Apparently she thought it was something that would be self-evident, though I don’t know why. We had made love almost daily, since we had met, and Sally seemed to enjoy it as much as I did. Then, abruptly, we weren’t making love anymore. What she really meant when she said she didn’t want to fuck was that she was through with me sexually. At first I couldn’t believe it. It was too abrupt. We didn’t taper off, we didn’t grind slowly to a halt, we just stopped. I made passes and Sally rejected them with a single look, a look that made me feel I had absolutely no right to touch her. For a few days I held back, thinking it was a mood. Surely it was a mood. She liked sex too much for it not to be a mood. We had been having enjoyable times—there was no reason for them just to stop.

But they stopped without a reason. I let a few days pass and tried again. Same look. She looked at me the way she might have looked if a total stranger had walked up and put his hand on her cunt. The look made me a little desperate. I was her husband—I had some rights. I decided to be firm. I tried to ignore the look and keep on with my pass. Sally frowned once, but then her look changed. She looked completely indifferent. She didn’t let my making a pass at her discommode her at all. She didn’t even look unpleasant. She looked as if she were lying in bed alone, thinking about something remote, like the isles of Greece. I had proceeded to the point of getting between her legs—I was pretty determined—but somehow her look of pleasant indifference wrecked my play. I felt awkward and stupid. Why had I thought I wanted to make love to a woman who wasn’t even affected by my presence between her legs? It was absurd. Sally didn’t look cold or stiff or frigid. She looked like a warm, lovely woman who happened to be lying in bed alone. The attentions I tried to pay her were so ghostlike they didn’t even make her look jostled. It was an eerie
moment—I didn’t entirely forget it for months, and as months followed months I became very unclear about it. Maybe I didn’t really get between her legs or go inside her. I ceased to know. But when I spoke again that night I wasn’t between her legs.

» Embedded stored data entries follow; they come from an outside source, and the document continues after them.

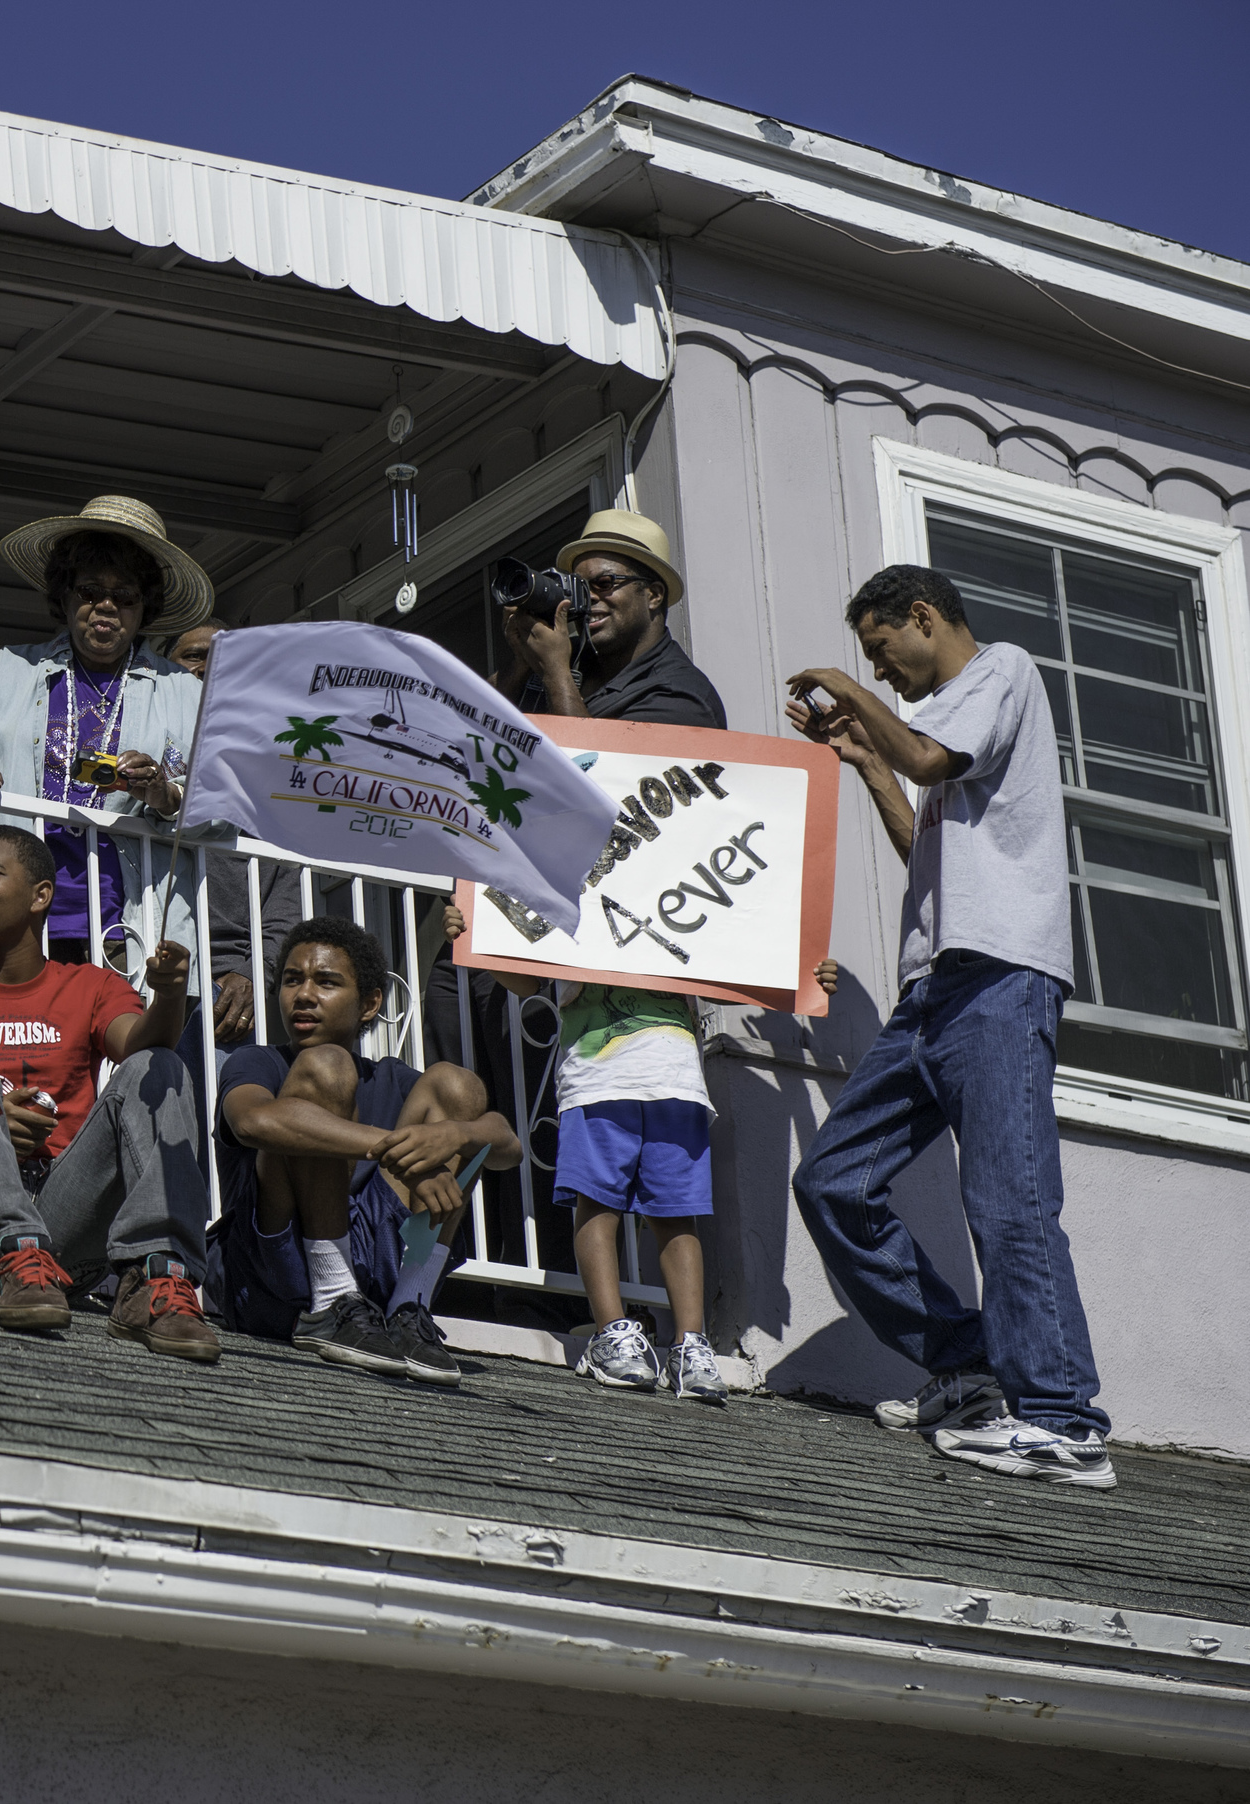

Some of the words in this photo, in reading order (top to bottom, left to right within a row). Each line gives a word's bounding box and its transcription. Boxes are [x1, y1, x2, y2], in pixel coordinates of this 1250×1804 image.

[309, 664, 432, 696] ENDEAVOUR'S
[429, 685, 480, 723] FINAL
[480, 712, 542, 759] FLIGHT
[466, 733, 519, 772] TO
[289, 765, 307, 789] LA
[313, 771, 469, 828] CALIFORNIA
[349, 811, 413, 838] 2012

“Sally, what’s happening?” I asked.

She was completely silent. I was not sure she had heard me. I couldn’t make her feel and I couldn’t make her hear.

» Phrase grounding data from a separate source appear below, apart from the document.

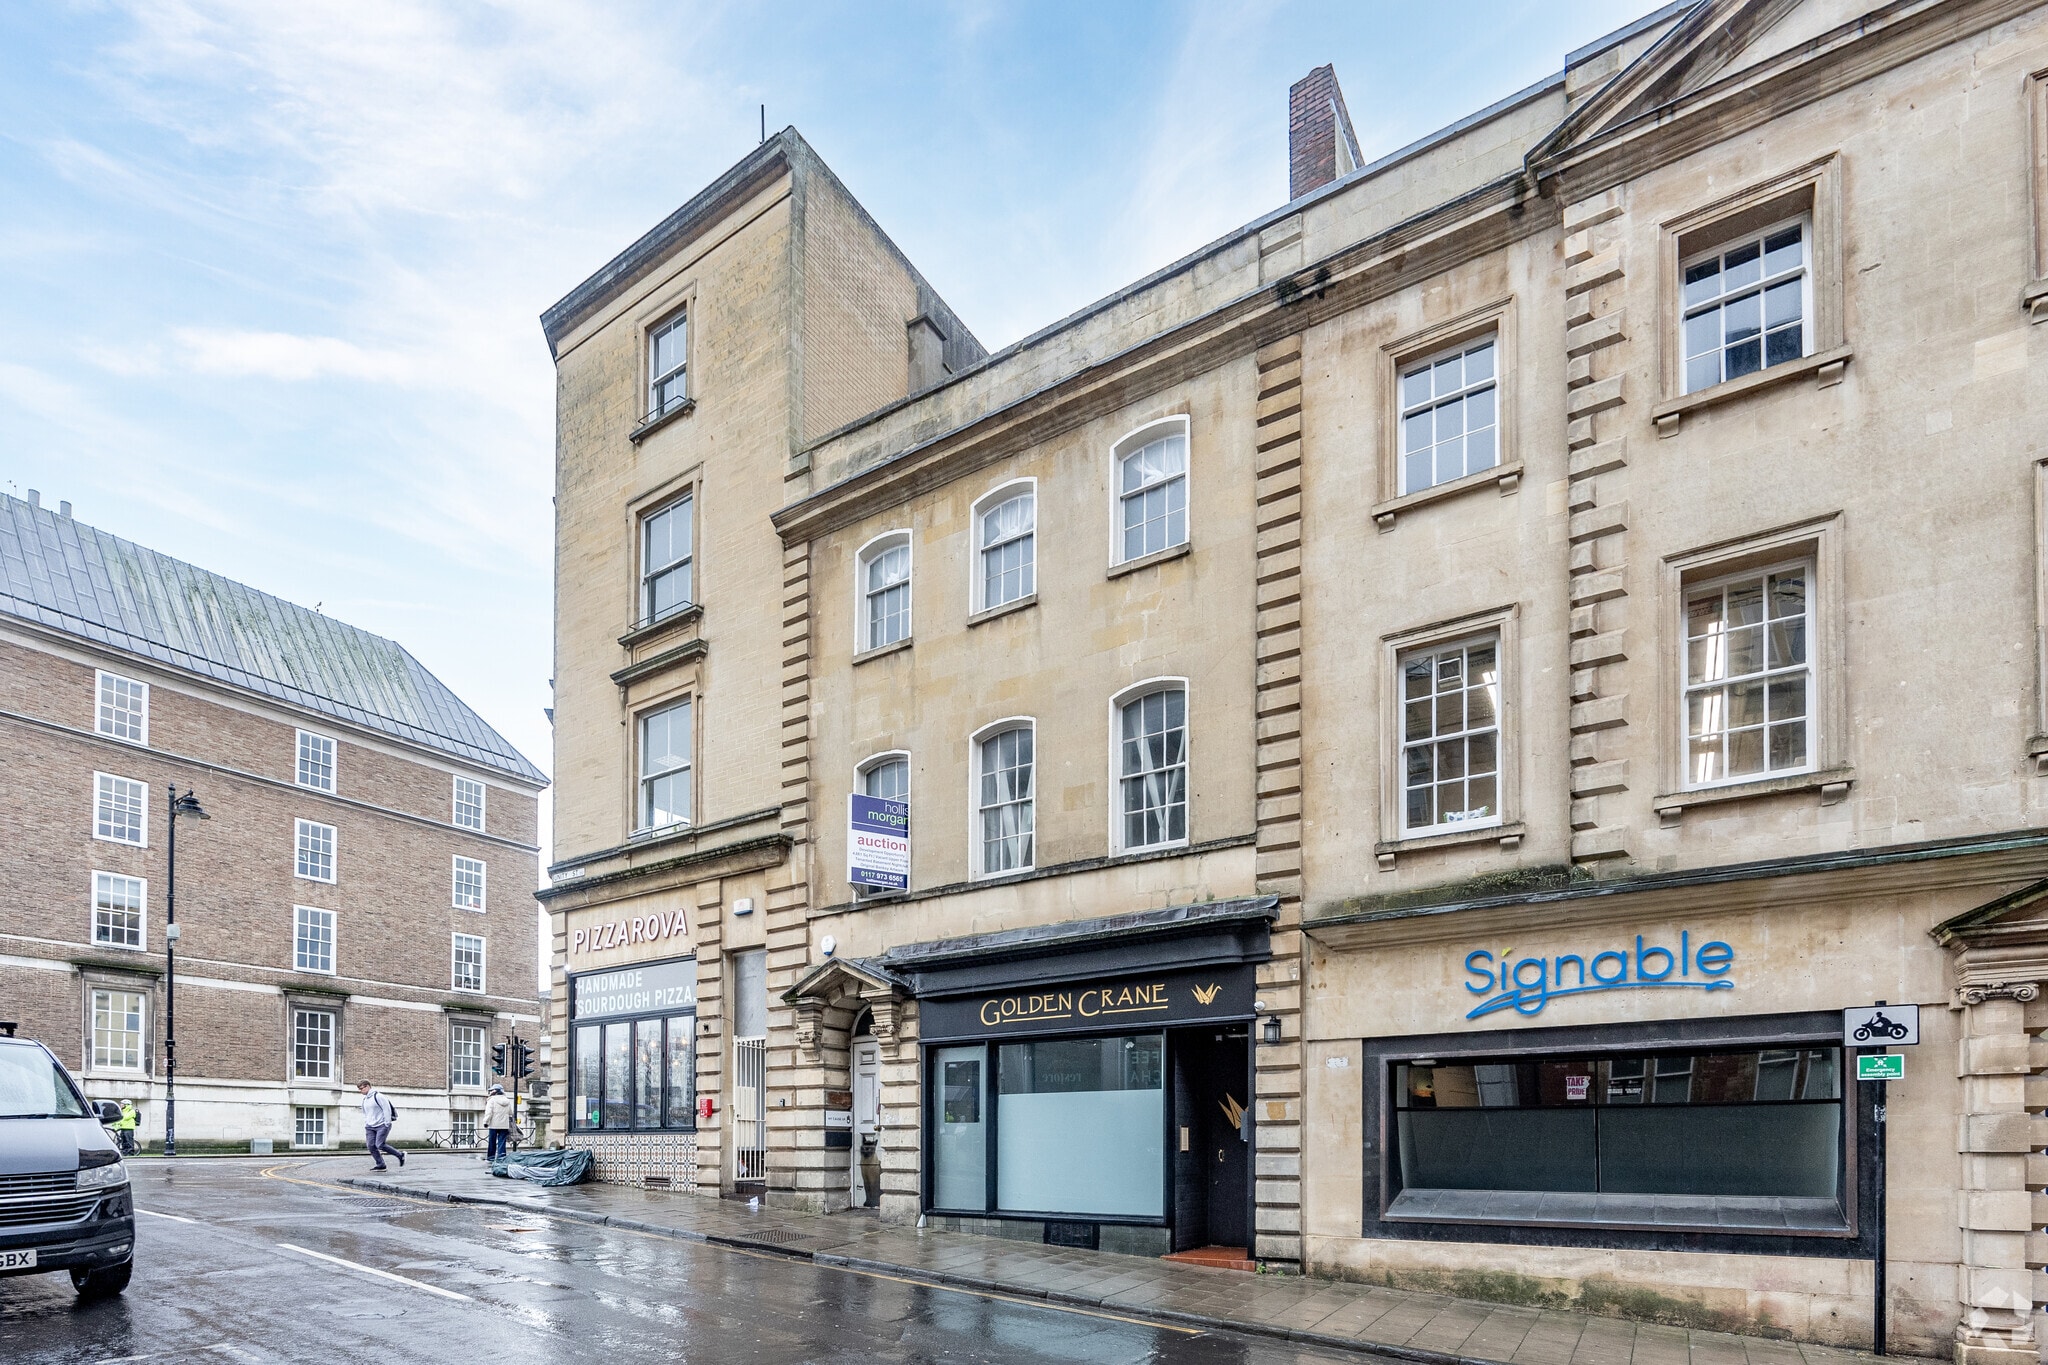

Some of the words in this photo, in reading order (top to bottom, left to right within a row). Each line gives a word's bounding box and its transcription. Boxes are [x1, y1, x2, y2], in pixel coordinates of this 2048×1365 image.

[857, 836, 907, 852] auction
[860, 870, 875, 878] 0117
[876, 872, 888, 880] 973
[573, 908, 688, 954] PIZZAROVA
[576, 971, 642, 995] HANDMADE
[1464, 930, 1734, 1016] Signable
[576, 991, 650, 1016] SOURDOUGH
[980, 992, 1072, 1026] GOLDEN
[1078, 983, 1169, 1017] CRANE
[1566, 1077, 1585, 1087] TAKE
[1567, 1088, 1586, 1096] PRIDE

“Tell me what’s wrong,” I said. “I don’t understand why.”

“There doesn’t have to be a why,” she said, turning over.

That was virtually her only comment on the change in our lives. She sat up and picked up her comb and began to pick the hairs out of it, and when she had done that she went to sleep. I stayed awake for hours, maybe for weeks. I can’t remember having really slept, in my months on Jones Street. I made no more passes at Sally and I didn’t even try to talk to her about what was happening. The fog, San Francisco, and the new Sally were too much for me. She had convinced me of my nonexistence, I guess. She was not a talking person, and I all but lost my powers of speech. She never complained and she was not bitter. She was just finished with me. Her body told me so a hundred times a day. If I put my hand on her shoulder at night her body automatically shrugged it off. The authority with which I was rejected simply numbed me. I sank within a few days into a state of glum will-lessness. In my most optimistic moments I assumed that things would change, sometime, somehow. Sally was very happy. Sooner or later she was bound to notice me again. A light that had been switched off would be switched on again, eventually. Even if she didn’t love me she was bound to want to screw, sometime. She liked it too much to give it up overnight.